Give the entries back exactly as they stand, but without pictures.

[Items from a dataset]
----
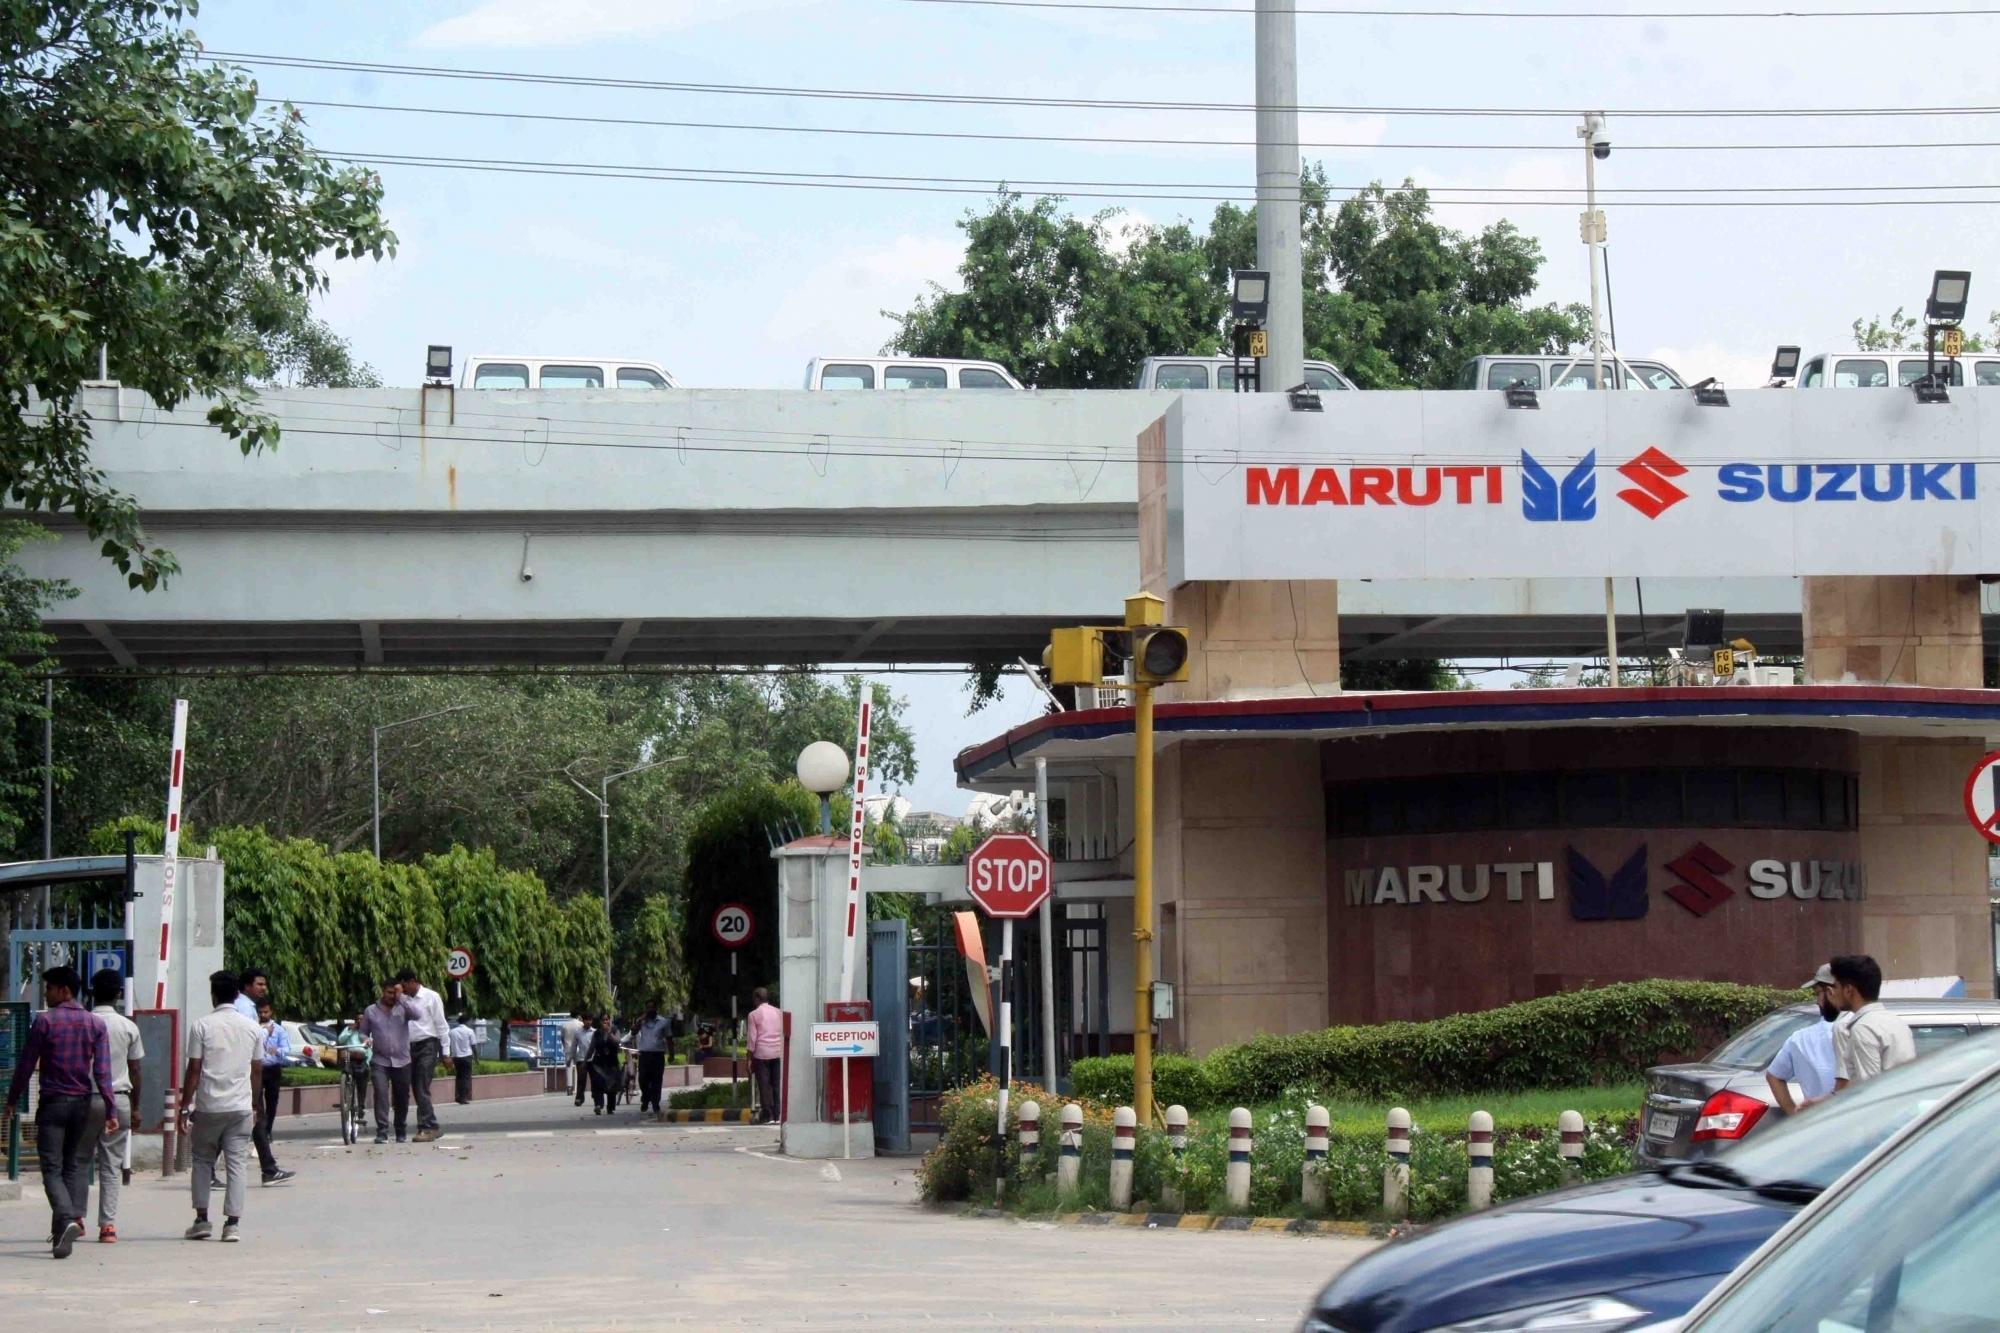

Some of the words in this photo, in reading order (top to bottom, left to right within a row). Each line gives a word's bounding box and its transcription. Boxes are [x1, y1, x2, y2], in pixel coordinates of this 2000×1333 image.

[1251, 333, 1263, 343] FG
[1947, 332, 1958, 342] FG
[1253, 346, 1264, 355] 04
[1946, 344, 1959, 354] 03
[1246, 466, 1503, 506] MARUTI
[1718, 462, 1976, 503] SUZUKI
[1717, 651, 1729, 661] FG
[1717, 664, 1730, 674] 06
[851, 766, 866, 870] STOP
[163, 852, 175, 905] STOP
[976, 858, 1043, 892] STOP
[1344, 861, 1555, 906] MARUTI
[720, 915, 745, 933] 20
[449, 956, 467, 970] 20
[815, 1031, 875, 1042] RECEPTION
----
* **RESULT FOR THIS EXERCISE**
Some of the words in this photo, in reading order (top to bottom, left to right within a row). Each line gives a word's bounding box and its transcription. Boxes are [x1, y1, x2, y2], in pixel coordinates of this 2000×1333 image.

[1251, 333, 1263, 343] FG
[1947, 332, 1958, 342] FG
[1253, 346, 1264, 355] 04
[1946, 344, 1959, 354] 03
[1246, 466, 1503, 506] MARUTI
[1718, 462, 1976, 503] SUZUKI
[1717, 651, 1729, 661] FG
[1717, 664, 1730, 674] 06
[851, 766, 866, 870] STOP
[163, 852, 175, 905] STOP
[976, 858, 1043, 892] STOP
[1344, 861, 1555, 906] MARUTI
[720, 915, 745, 933] 20
[449, 956, 467, 970] 20
[815, 1031, 875, 1042] RECEPTION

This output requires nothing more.